[369] Vorige. Struensee bleich und sichtbar bewegt.
MATHILDE.
Graf! ihr seht bleich!
STRUENSEE.
Erfüllt ist Eurer Majestät Befehl,
Nichts ist zu fürchten mehr. Die Truppen ziehen[369]
In bester Ordnung im Triumph nach Hause.
Ein freudiger Marsch, erst nahe, dann immer ferner.
Hört ihr den Jubelmarsch? Mit diesen Klängen
Geleiten sie des Feindes Ruhm zu Grabe.
Der Name Struensee ist ausgelöscht,
Ist nicht im Buche der Geschichte mehr
Zu finden, wo die ew'gen Thaten steh'n
Der muthig Wollenden!
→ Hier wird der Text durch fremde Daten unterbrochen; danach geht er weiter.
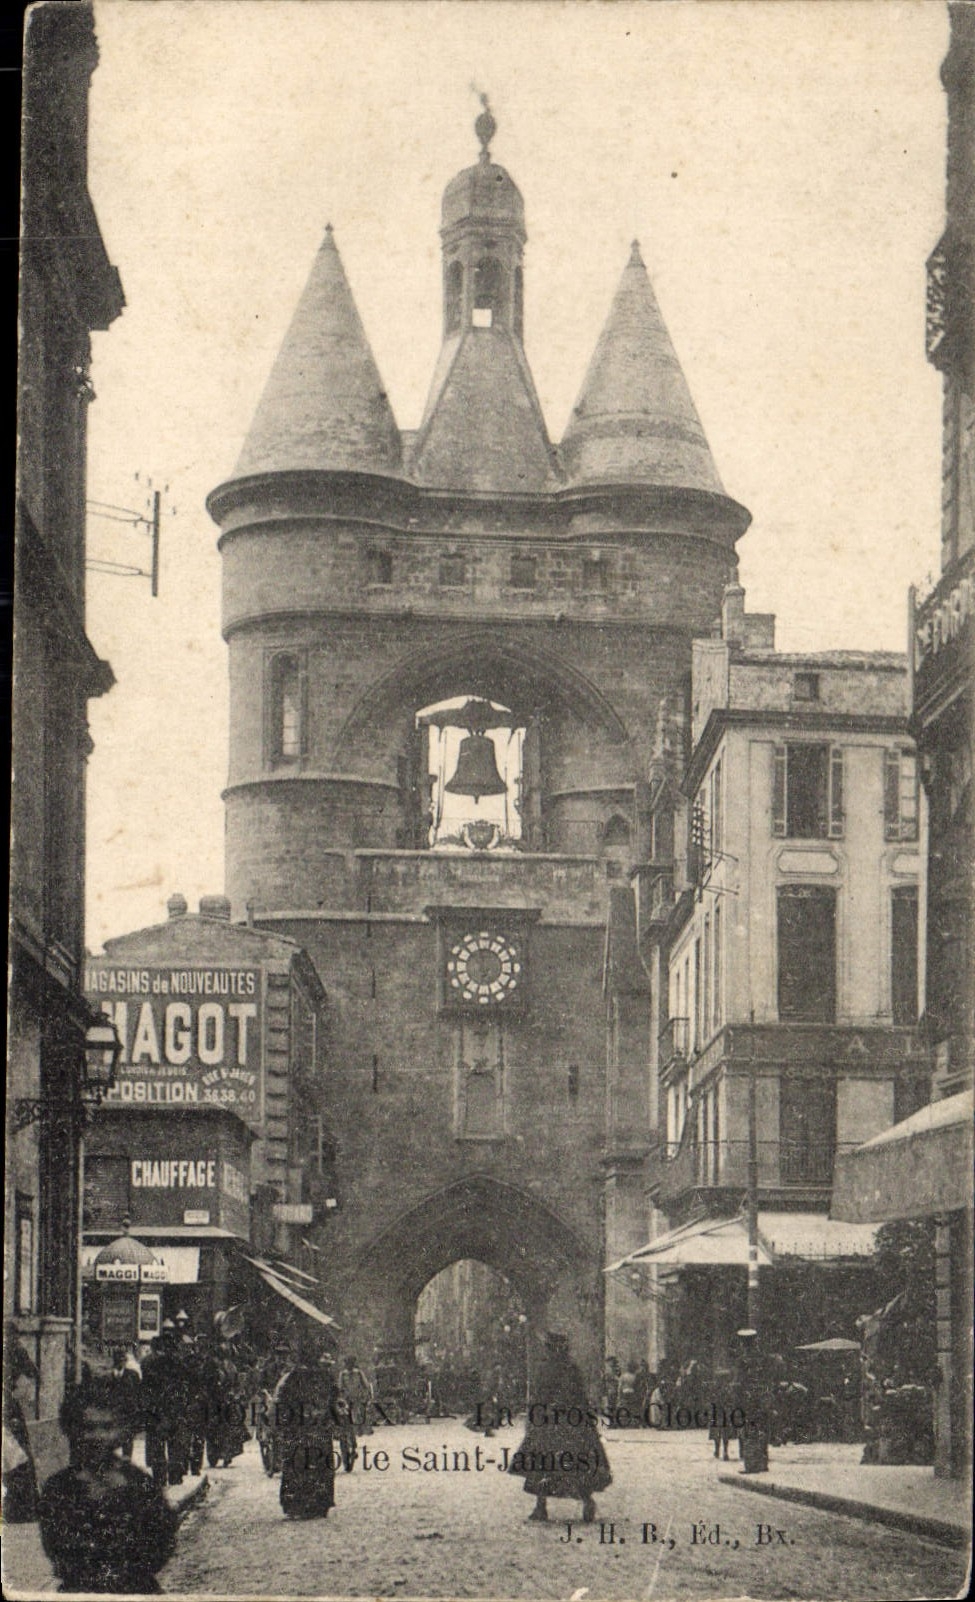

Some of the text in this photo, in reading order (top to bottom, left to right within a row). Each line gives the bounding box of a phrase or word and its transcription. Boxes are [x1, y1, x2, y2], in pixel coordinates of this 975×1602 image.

Der heut'ge Tag
Wirft ihn hinab zu den gemeinen Todten.
MATHILDE.
Nicht diesen Kleinmuth, werther Graf!
STRUENSEE.
Erstrebt' ich
Unzeit'ge Größe, ein unmöglich Ziel, –
Laßt mich vergessen sein. Doch soll die Welt
Nicht von mir sagen, daß ich stolz und schwindelnd
In blinder Ohnmacht von dem luft'gen Steg
Des Ruhms hinabgestürzt. Ich steige nieder
Mit eignem Willen; messe noch einmal
Die Höhe, stillen Blicks, am Fuß des Berges,
Und hab' entsagt für immer;
In Demuth fleh' ich Eure Majestät,
Wie ich's erflehen werde von dem König,
Gewährt mir gnäd'en Abschied.
MATHILDE.
Graf, ihr wollt –?[370]
STRUENSEE.
Nichts als das Unvermeidliche. Hab' ich
Nach einem Traume nicht gehascht, und war es
Das Opfer meines Lebens werth, so mußt' ich's
Heut' freudig geben, das Panier des Rechts
Aus diesem Kampfe retten, oder fallen.
Ich kämpfte nicht und unterlag, und besser,
Das fühl' ich, war's, denn schnell entscheidet sich's
Mit einem Male nun. Das Heil des Landes
Soll nicht durch mich aus blutgetränktem Boden
Zu später Ernte blüh'n. So scheid' ich willig,
Und mögen And're, glücklicher als ich,
Ein friedlich Glück begründen. Möge Keiner
Die zarten Perlen dieses holden Auges
Zu glüh'nden Thränen des Entsetzens wandeln.
KEITH.
Gott selber stärkte euch das edle Herz
Zu diesem kühnen, männlichen Entschluß.
MATHILDE ist, ihre Thränen verbergend, in den Sessel gesunken.
STRUENSEE.
Vergebt mir, Königin, und laßt mich scheiden!
Ihre Hand fassend.
Und nur noch einmal, brich, mein armes Herz! –
Zum letzten Male sei es mir gegönnt,
Die theure Hand der Königin zu fassen,
Die leuchtend über mir gewaltet. Weh' mir,[371]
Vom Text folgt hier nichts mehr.